# EXERCISE DIRECTIONS:
Return the following data exactly, with all pictures left out.
** PROVIDED DATA follows **
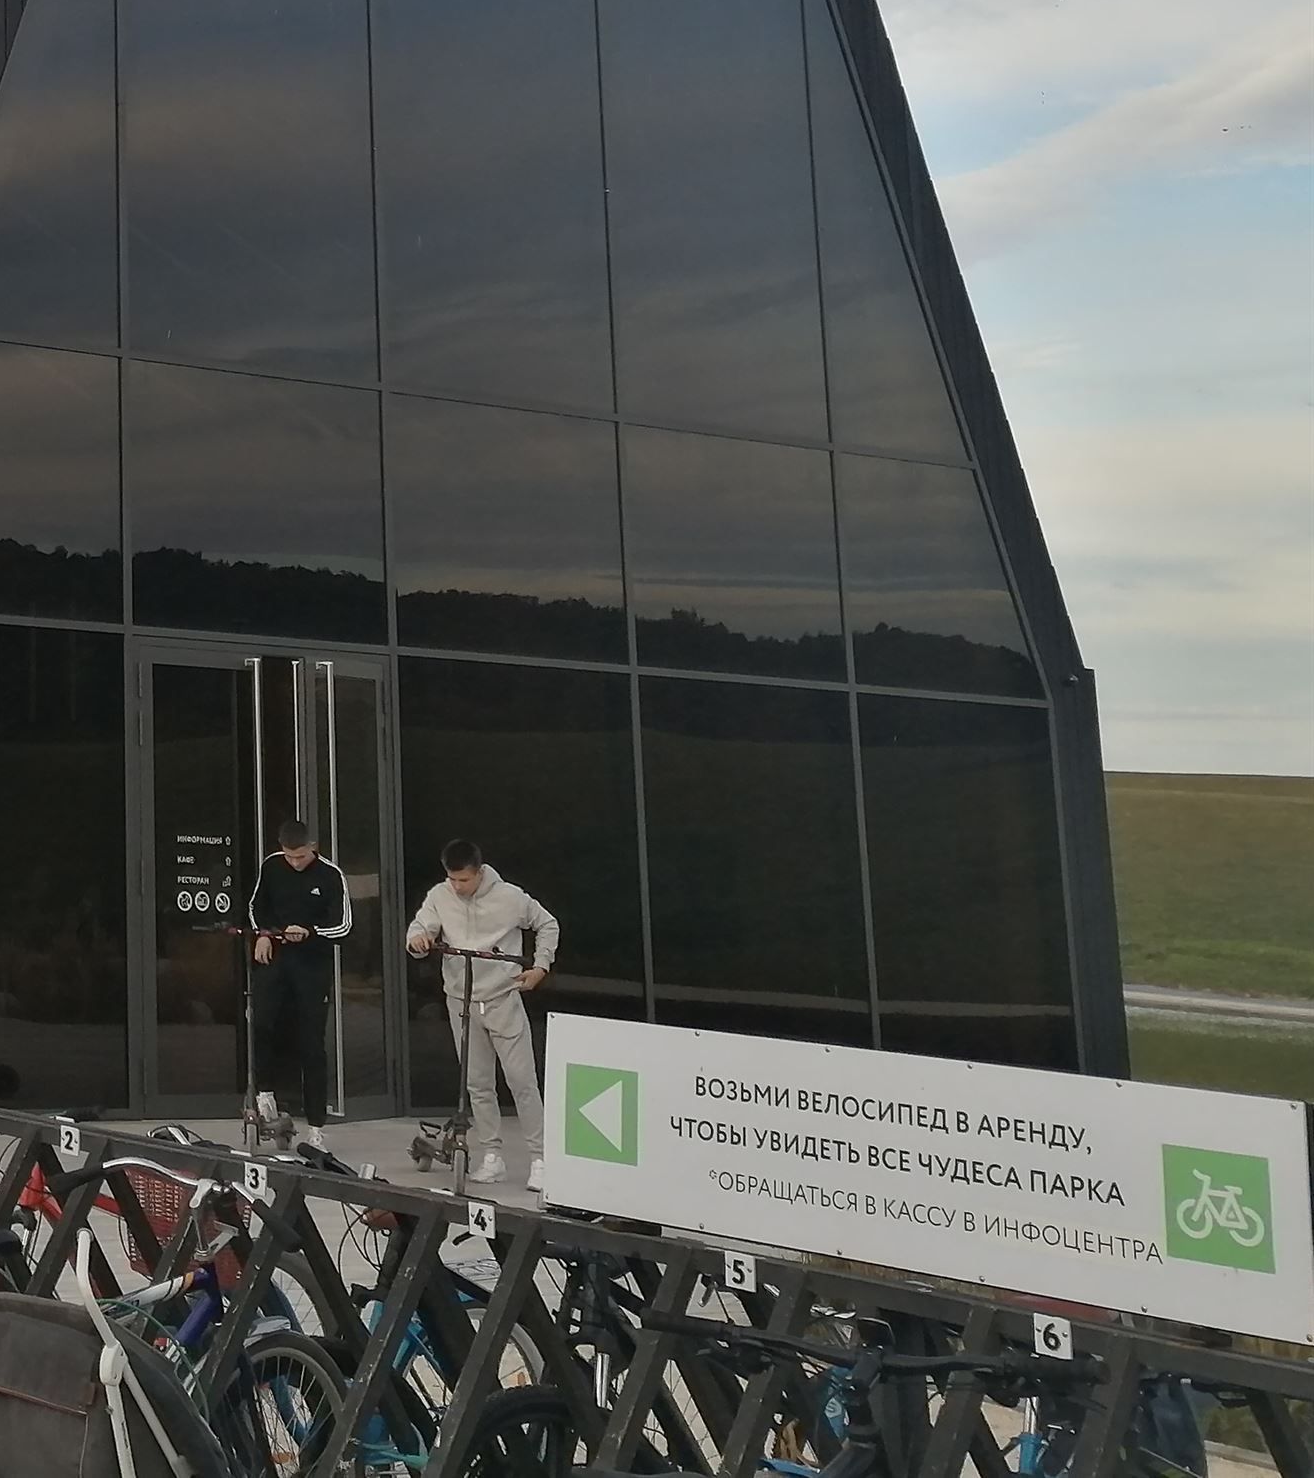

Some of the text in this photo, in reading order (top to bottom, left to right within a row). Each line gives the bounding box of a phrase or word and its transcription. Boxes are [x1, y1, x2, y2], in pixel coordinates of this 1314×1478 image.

[177, 875, 210, 885] РЕСТОРАН
[695, 1075, 1092, 1154] ВОЗЬМИ ВЕЛОСИПЕД В АРЕНДУ,
[64, 1130, 74, 1151] 2
[670, 1115, 1125, 1207] ЧТОБЫ УВИДЕТЬ ВСЕ ЧУДЕСА ПАРКА
[249, 1167, 260, 1190] 3
[473, 1208, 487, 1232] 4
[865, 1194, 877, 1215] В
[883, 1197, 956, 1227] КАССУ
[963, 1211, 976, 1232] В
[984, 1214, 1164, 1265] ИНФОЦЕНТРА
[731, 1258, 745, 1285] 5
[1042, 1322, 1062, 1352] 6
** End of PROVIDED DATA **
# RESPONSE TO THIS EXERCISE:
Some of the text in this photo, in reading order (top to bottom, left to right within a row). Each line gives the bounding box of a phrase or word and its transcription. Boxes are [x1, y1, x2, y2], in pixel coordinates of this 1314×1478 image.

[177, 875, 210, 885] РЕСТОРАН
[695, 1075, 1092, 1154] ВОЗЬМИ ВЕЛОСИПЕД В АРЕНДУ,
[64, 1130, 74, 1151] 2
[670, 1115, 1125, 1207] ЧТОБЫ УВИДЕТЬ ВСЕ ЧУДЕСА ПАРКА
[249, 1167, 260, 1190] 3
[473, 1208, 487, 1232] 4
[865, 1194, 877, 1215] В
[883, 1197, 956, 1227] КАССУ
[963, 1211, 976, 1232] В
[984, 1214, 1164, 1265] ИНФОЦЕНТРА
[731, 1258, 745, 1285] 5
[1042, 1322, 1062, 1352] 6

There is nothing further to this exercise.